_Goal of the exercise_. Copy all entries verbatim and keep any pictures out of the copy.

_Data section_.

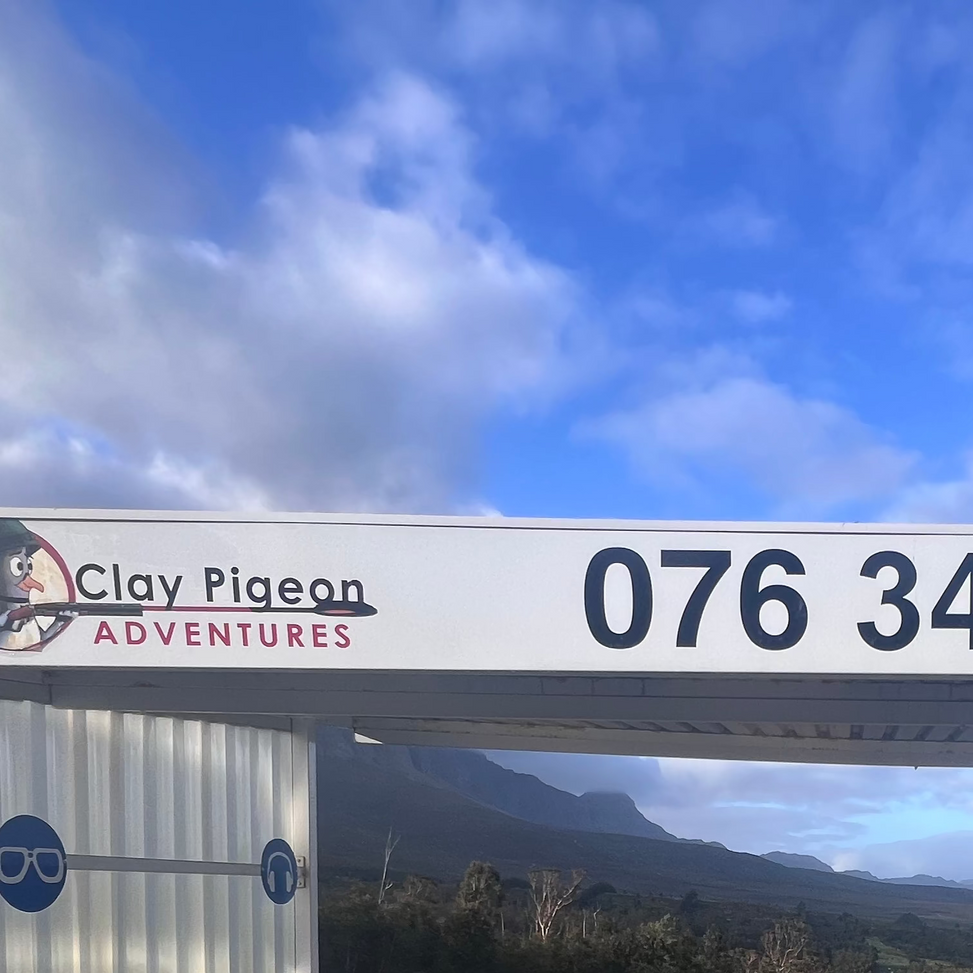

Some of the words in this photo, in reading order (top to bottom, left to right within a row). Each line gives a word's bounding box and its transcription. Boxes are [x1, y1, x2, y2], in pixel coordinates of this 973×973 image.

[75, 563, 183, 609] Clay
[204, 566, 364, 609] Pigeon
[583, 546, 808, 650] 076
[94, 620, 352, 650] ADVENTURES

_Your solution_.
Some of the words in this photo, in reading order (top to bottom, left to right within a row). Each line gives a word's bounding box and its transcription. Boxes are [x1, y1, x2, y2], in pixel coordinates of this 973×973 image.

[75, 563, 183, 609] Clay
[204, 566, 364, 609] Pigeon
[583, 546, 808, 650] 076
[94, 620, 352, 650] ADVENTURES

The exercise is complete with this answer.